= Artifact Puzzles =

American Toy Company

Artifact Puzzles is a manufacturer of wooden jigsaw puzzles operating out of Port Townsend, Washington (previously in Fremont, California). The business was founded in 2009 by University of Washington electrical engineering professor Maya Gupta, and was originally based in Seattle, Washington. Unlike traditional wooden jigsaw puzzles which are hand-cut by jigsaw, Artifact Puzzles laser-cuts 1/4" thick high quality 3-ply environmentally-friendly plywood and uses soy-based inks.

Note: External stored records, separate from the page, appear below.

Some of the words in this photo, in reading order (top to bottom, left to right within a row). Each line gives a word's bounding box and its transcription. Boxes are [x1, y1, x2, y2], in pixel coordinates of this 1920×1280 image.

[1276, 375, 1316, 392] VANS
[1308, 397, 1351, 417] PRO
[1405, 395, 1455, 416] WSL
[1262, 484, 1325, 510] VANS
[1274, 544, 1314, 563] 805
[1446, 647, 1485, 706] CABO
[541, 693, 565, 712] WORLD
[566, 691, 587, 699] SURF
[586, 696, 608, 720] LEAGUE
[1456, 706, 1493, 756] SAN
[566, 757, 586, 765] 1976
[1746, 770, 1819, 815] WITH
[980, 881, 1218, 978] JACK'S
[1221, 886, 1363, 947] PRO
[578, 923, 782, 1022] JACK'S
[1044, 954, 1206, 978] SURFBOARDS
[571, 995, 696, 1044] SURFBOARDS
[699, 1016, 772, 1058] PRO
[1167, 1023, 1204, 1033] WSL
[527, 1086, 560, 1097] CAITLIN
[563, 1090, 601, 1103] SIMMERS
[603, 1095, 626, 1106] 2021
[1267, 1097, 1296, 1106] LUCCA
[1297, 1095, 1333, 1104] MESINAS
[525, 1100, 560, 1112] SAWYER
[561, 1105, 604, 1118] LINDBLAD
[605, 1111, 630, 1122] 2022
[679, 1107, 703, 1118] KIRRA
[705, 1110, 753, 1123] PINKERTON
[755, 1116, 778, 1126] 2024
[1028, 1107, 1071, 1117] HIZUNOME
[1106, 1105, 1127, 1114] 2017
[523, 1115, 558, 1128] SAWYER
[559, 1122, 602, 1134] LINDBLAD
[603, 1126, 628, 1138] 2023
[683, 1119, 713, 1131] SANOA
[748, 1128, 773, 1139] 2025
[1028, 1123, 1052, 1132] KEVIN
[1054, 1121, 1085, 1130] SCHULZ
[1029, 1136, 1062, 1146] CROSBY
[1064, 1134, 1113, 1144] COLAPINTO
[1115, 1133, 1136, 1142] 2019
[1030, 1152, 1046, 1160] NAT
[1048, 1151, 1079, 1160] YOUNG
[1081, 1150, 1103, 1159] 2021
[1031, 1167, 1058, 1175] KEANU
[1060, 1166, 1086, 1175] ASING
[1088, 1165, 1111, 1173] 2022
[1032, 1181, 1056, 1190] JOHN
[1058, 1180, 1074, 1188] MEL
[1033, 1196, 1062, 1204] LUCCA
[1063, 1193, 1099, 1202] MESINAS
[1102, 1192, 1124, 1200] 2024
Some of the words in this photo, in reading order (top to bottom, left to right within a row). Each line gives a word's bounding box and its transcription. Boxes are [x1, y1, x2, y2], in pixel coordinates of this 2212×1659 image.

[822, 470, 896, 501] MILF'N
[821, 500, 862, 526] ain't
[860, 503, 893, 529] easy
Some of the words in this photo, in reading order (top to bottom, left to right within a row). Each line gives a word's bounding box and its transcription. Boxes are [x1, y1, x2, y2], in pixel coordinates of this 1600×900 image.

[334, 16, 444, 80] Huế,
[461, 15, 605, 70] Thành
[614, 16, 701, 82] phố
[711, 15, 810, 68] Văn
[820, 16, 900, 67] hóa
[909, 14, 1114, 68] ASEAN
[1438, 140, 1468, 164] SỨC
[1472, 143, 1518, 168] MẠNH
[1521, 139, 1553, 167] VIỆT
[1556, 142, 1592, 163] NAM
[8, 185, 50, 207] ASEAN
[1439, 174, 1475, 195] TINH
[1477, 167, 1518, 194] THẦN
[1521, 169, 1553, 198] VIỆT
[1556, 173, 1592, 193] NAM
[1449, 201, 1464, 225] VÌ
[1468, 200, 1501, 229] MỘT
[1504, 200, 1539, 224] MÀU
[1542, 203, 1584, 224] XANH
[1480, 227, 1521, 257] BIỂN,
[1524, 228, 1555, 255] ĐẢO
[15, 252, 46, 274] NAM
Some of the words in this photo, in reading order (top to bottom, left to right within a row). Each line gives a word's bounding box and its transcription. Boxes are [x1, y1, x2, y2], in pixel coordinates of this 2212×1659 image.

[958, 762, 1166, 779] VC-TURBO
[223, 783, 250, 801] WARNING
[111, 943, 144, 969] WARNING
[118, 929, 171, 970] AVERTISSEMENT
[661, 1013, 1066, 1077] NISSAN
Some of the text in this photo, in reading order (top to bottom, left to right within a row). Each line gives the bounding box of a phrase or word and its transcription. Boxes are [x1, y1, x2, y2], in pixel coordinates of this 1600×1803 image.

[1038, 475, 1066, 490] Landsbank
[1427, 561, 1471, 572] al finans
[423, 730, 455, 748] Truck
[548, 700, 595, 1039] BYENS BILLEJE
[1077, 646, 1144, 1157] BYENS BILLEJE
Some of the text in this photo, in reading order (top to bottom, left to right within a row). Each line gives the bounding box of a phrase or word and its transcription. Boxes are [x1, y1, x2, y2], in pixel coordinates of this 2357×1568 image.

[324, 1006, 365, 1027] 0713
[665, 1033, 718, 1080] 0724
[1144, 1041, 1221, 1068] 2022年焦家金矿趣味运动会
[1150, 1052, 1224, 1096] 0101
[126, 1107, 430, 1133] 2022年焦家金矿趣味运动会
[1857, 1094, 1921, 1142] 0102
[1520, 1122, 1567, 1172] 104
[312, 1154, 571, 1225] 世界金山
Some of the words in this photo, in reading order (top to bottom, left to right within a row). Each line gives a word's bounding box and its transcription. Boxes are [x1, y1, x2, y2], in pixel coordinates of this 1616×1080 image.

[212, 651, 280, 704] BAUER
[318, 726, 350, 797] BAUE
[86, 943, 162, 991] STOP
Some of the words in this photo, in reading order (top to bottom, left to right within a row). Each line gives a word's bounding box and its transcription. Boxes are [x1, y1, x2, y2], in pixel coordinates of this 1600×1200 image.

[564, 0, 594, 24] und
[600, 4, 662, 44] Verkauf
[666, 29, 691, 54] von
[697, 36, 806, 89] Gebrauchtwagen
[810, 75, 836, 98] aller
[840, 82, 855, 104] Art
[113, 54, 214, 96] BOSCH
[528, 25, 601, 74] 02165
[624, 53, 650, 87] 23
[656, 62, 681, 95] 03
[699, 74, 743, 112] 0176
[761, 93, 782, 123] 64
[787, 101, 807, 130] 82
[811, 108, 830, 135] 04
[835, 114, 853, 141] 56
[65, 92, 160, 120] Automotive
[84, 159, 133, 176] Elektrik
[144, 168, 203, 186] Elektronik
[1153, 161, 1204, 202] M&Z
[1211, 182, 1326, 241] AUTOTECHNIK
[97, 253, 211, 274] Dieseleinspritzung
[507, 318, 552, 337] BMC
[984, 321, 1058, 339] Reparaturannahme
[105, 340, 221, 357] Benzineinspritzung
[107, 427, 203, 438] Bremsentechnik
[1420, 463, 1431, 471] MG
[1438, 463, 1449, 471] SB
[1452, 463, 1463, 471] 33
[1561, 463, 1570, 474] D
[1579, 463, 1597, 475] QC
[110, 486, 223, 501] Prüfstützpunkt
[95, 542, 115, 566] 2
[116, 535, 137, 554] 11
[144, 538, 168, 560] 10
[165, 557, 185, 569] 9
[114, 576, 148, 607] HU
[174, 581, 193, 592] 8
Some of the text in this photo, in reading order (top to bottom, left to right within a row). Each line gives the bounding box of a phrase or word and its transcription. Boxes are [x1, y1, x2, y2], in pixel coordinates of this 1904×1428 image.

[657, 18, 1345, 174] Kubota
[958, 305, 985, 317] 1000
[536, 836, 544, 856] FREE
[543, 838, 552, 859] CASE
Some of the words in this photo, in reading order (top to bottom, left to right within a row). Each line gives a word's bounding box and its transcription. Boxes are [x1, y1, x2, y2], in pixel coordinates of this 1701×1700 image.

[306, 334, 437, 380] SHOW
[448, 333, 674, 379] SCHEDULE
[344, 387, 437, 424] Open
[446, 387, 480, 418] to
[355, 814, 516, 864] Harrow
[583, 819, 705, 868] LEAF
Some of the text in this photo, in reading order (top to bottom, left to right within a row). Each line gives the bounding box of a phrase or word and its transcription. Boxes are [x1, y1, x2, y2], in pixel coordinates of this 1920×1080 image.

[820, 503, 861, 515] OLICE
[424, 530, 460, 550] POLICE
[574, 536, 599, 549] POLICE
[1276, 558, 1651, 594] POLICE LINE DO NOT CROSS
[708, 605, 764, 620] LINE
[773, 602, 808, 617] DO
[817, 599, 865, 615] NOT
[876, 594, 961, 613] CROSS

The puzzle pieces are designed by an artist for each new puzzle, and do not follow a consistent style of cut. For example, some of their puzzles have traditional knob connectors, while others have piece connectors shape like clouds, hearts, bird feet, horse hooves, and ancient Greek symbols. Like traditional wooden jigsaw puzzles, most of their puzzles have "whimsy pieces", which are pieces shaped like recognizable objects. These pieces are designed to match the theme of each puzzle, and range from a cow jumping over a moon in one of their Daniel Merriam puzzles, to pieces shaped like ballerinas in their Degas puzzle. The company has designed and manufactures over 250 different puzzles of a broad range of art, with an unusually large selection of whimsical neo-surrealist art and 16th century art.